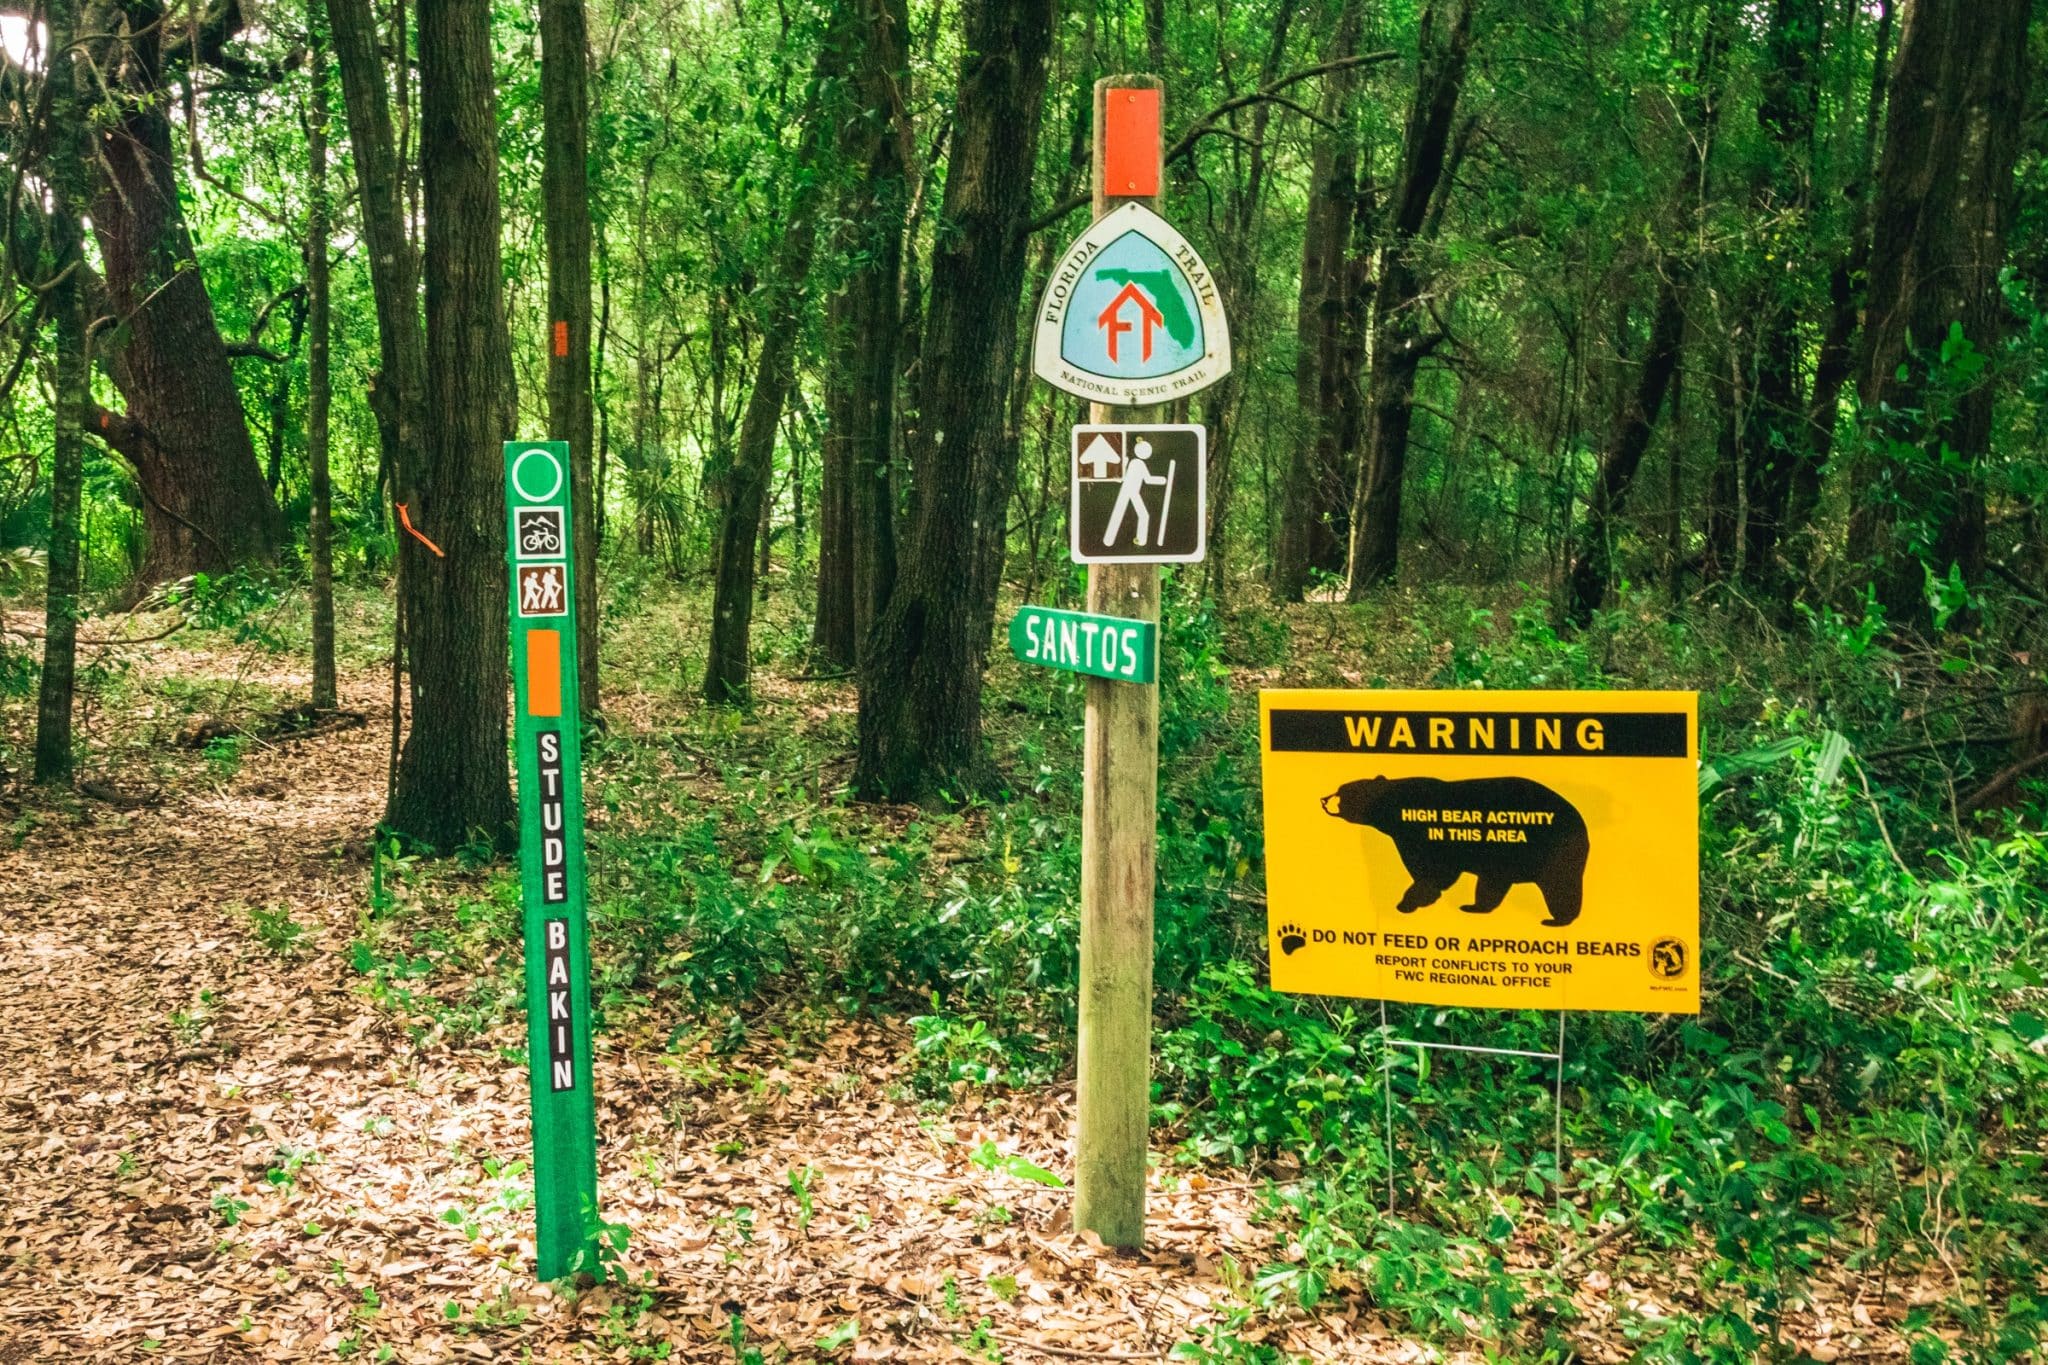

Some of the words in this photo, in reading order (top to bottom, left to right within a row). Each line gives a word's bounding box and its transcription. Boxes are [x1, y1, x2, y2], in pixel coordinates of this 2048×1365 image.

[1046, 240, 1099, 325] FLORIDA
[1175, 245, 1216, 306] TRAIL
[1060, 370, 1119, 396] NATIONAL
[1123, 386, 1168, 397] SCENIC
[1172, 370, 1206, 390] TRAIL
[1026, 614, 1138, 676] SANTOS
[1344, 716, 1606, 751] WARNING
[540, 733, 564, 900] STUDE
[1401, 808, 1437, 822] HIGH
[1442, 809, 1482, 824] BEAR
[1487, 811, 1555, 825] ACTIVITY
[1428, 827, 1444, 841] IN
[1448, 828, 1482, 842] THIS
[1486, 829, 1527, 843] AREA
[1312, 928, 1337, 944] DO
[1343, 930, 1377, 946] NOT
[1383, 933, 1428, 949] FEED
[1435, 936, 1460, 951] OR
[1467, 938, 1569, 955] APPROACH
[1576, 941, 1642, 957] BEARS
[1375, 953, 1427, 969] REPORT
[1431, 958, 1507, 973] CONFLICTS
[1511, 962, 1530, 974] TO
[1534, 962, 1573, 975] YOUR
[1395, 969, 1425, 982] FWC
[1429, 972, 1497, 987] REGIONAL
[1502, 975, 1551, 988] OFFICE
[548, 921, 573, 1089] BAKIN

--------------------

— WORK TASK —
All the lines above are to be reproduced exactly, except the pictures.

— ANSWER —
Some of the words in this photo, in reading order (top to bottom, left to right within a row). Each line gives a word's bounding box and its transcription. Boxes are [x1, y1, x2, y2], in pixel coordinates of this 2048×1365 image.

[1046, 240, 1099, 325] FLORIDA
[1175, 245, 1216, 306] TRAIL
[1060, 370, 1119, 396] NATIONAL
[1123, 386, 1168, 397] SCENIC
[1172, 370, 1206, 390] TRAIL
[1026, 614, 1138, 676] SANTOS
[1344, 716, 1606, 751] WARNING
[540, 733, 564, 900] STUDE
[1401, 808, 1437, 822] HIGH
[1442, 809, 1482, 824] BEAR
[1487, 811, 1555, 825] ACTIVITY
[1428, 827, 1444, 841] IN
[1448, 828, 1482, 842] THIS
[1486, 829, 1527, 843] AREA
[1312, 928, 1337, 944] DO
[1343, 930, 1377, 946] NOT
[1383, 933, 1428, 949] FEED
[1435, 936, 1460, 951] OR
[1467, 938, 1569, 955] APPROACH
[1576, 941, 1642, 957] BEARS
[1375, 953, 1427, 969] REPORT
[1431, 958, 1507, 973] CONFLICTS
[1511, 962, 1530, 974] TO
[1534, 962, 1573, 975] YOUR
[1395, 969, 1425, 982] FWC
[1429, 972, 1497, 987] REGIONAL
[1502, 975, 1551, 988] OFFICE
[548, 921, 573, 1089] BAKIN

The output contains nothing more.